═══ Data for analysis ═══

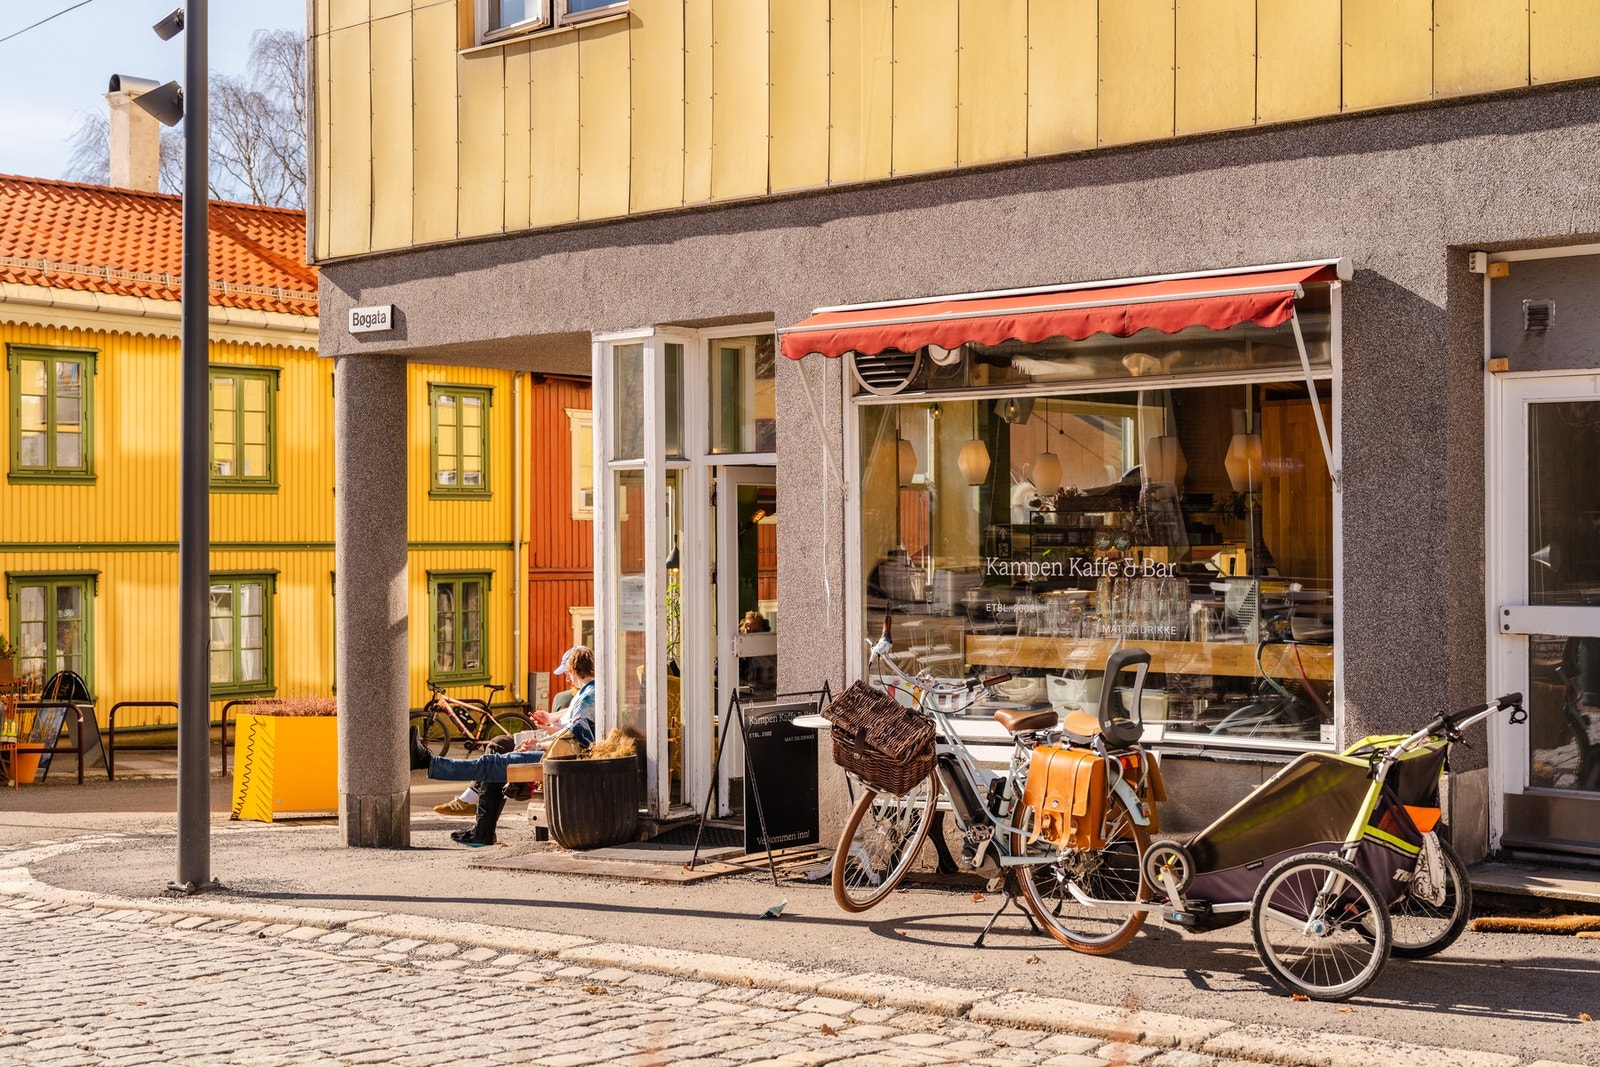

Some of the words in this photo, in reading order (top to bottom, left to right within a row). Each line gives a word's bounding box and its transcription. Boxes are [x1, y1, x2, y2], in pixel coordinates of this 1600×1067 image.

[352, 310, 387, 328] Bøgata
[986, 556, 1064, 580] Kampen
[1069, 557, 1118, 578] Kaffe
[1123, 557, 1139, 578] &
[1142, 557, 1177, 578] Bar
[985, 603, 1011, 613] ETBL.
[1013, 603, 1035, 613] 2002
[1102, 624, 1121, 634] MAT
[1125, 625, 1139, 634] OG
[1140, 625, 1177, 635] DRIKKE
[748, 714, 778, 726] Kampen
[756, 832, 797, 845] Vekommen
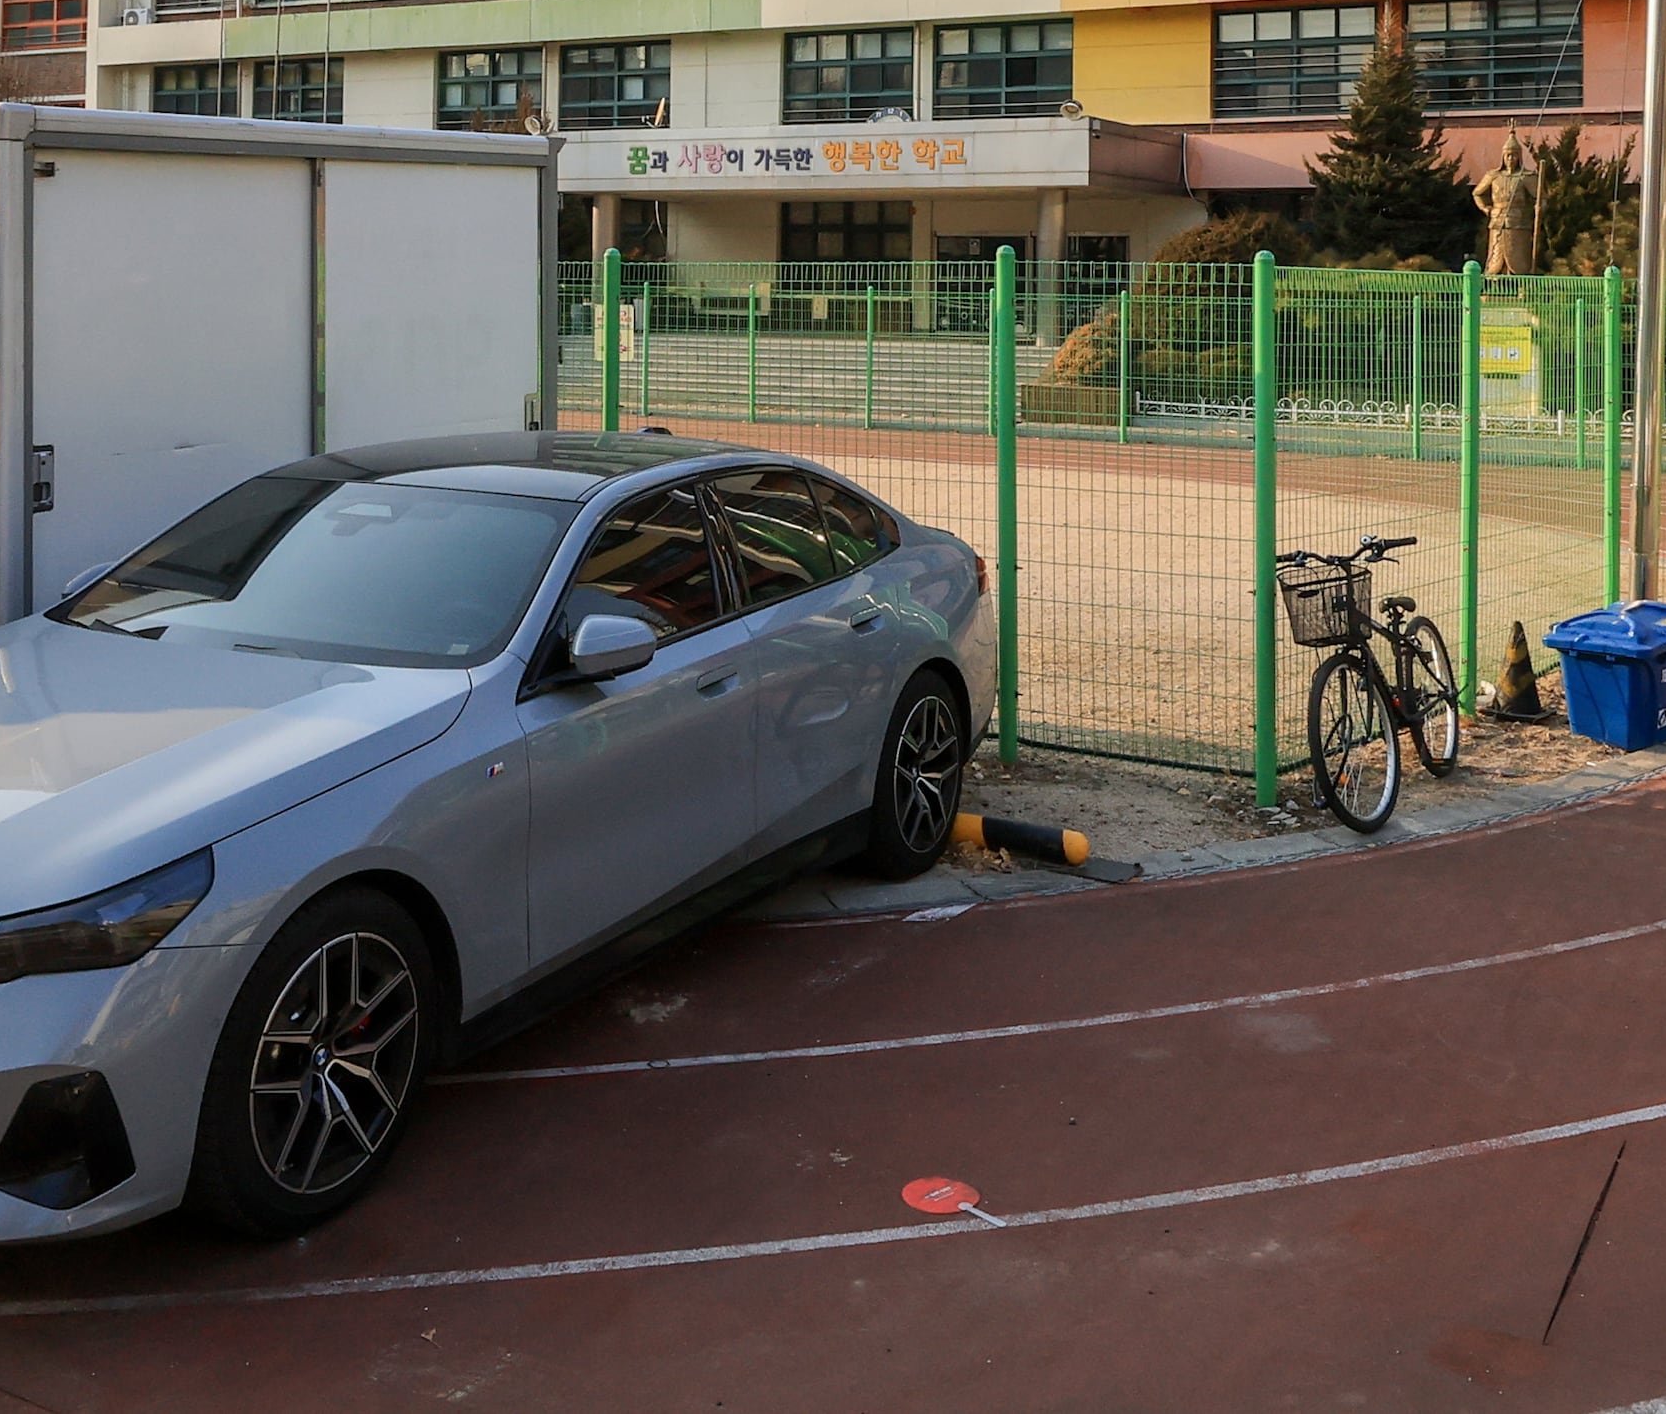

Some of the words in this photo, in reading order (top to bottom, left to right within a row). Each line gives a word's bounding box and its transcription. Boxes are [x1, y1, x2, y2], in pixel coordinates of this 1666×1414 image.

[627, 146, 670, 175] 꿈과
[677, 143, 744, 174] 사랑이
[754, 147, 814, 171] 가득한
[821, 138, 903, 173] 행복한
[911, 138, 968, 170] 학교
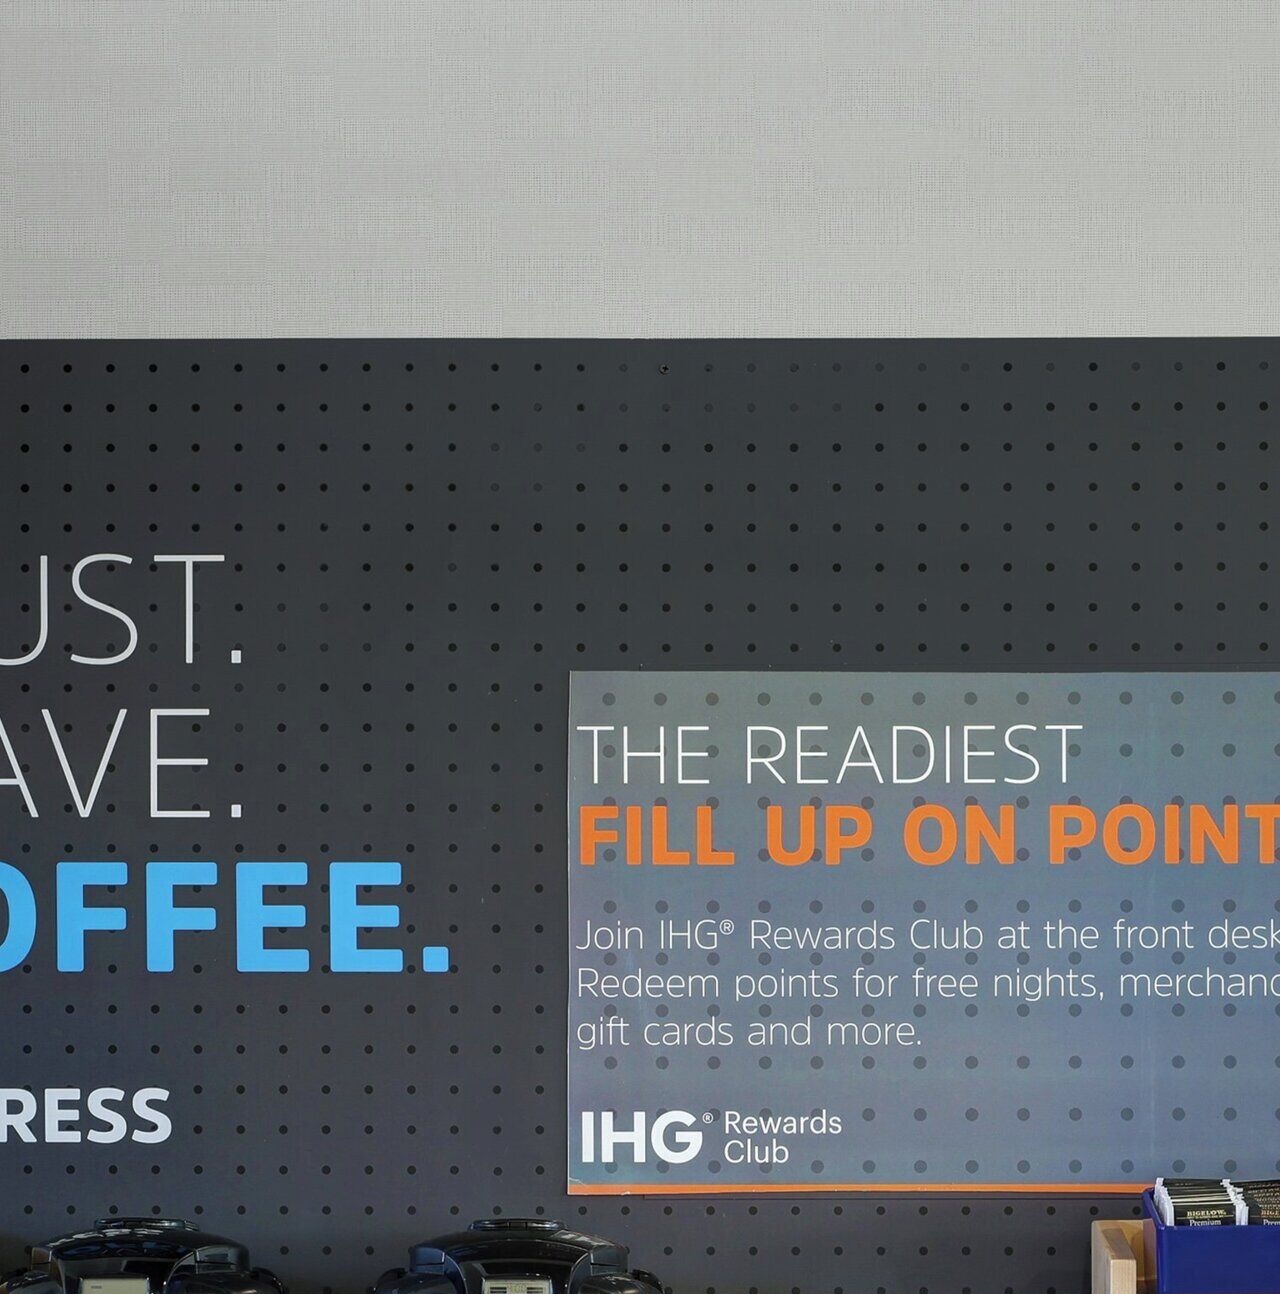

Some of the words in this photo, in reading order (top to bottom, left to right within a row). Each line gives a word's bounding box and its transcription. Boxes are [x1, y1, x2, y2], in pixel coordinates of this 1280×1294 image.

═══

_What is expected_: The expected output is an exact copy of the lines from the one with "this 1666×1414 image." to the final line of the entries above, pictures excepted; please include both ends.

_Your response_:
Some of the words in this photo, in reading order (top to bottom, left to right within a row). Each line gives a word's bounding box and its transcription. Boxes are [x1, y1, x2, y2], in pixel coordinates of this 1666×1414 image.

[627, 146, 670, 175] 꿈과
[677, 143, 744, 174] 사랑이
[754, 147, 814, 171] 가득한
[821, 138, 903, 173] 행복한
[911, 138, 968, 170] 학교

Some of the words in this photo, in reading order (top to bottom, left to right within a row). Each line gives a word's bounding box and its transcription. Boxes are [x1, y1, x2, y2], in pixel coordinates of this 1280×1294 image.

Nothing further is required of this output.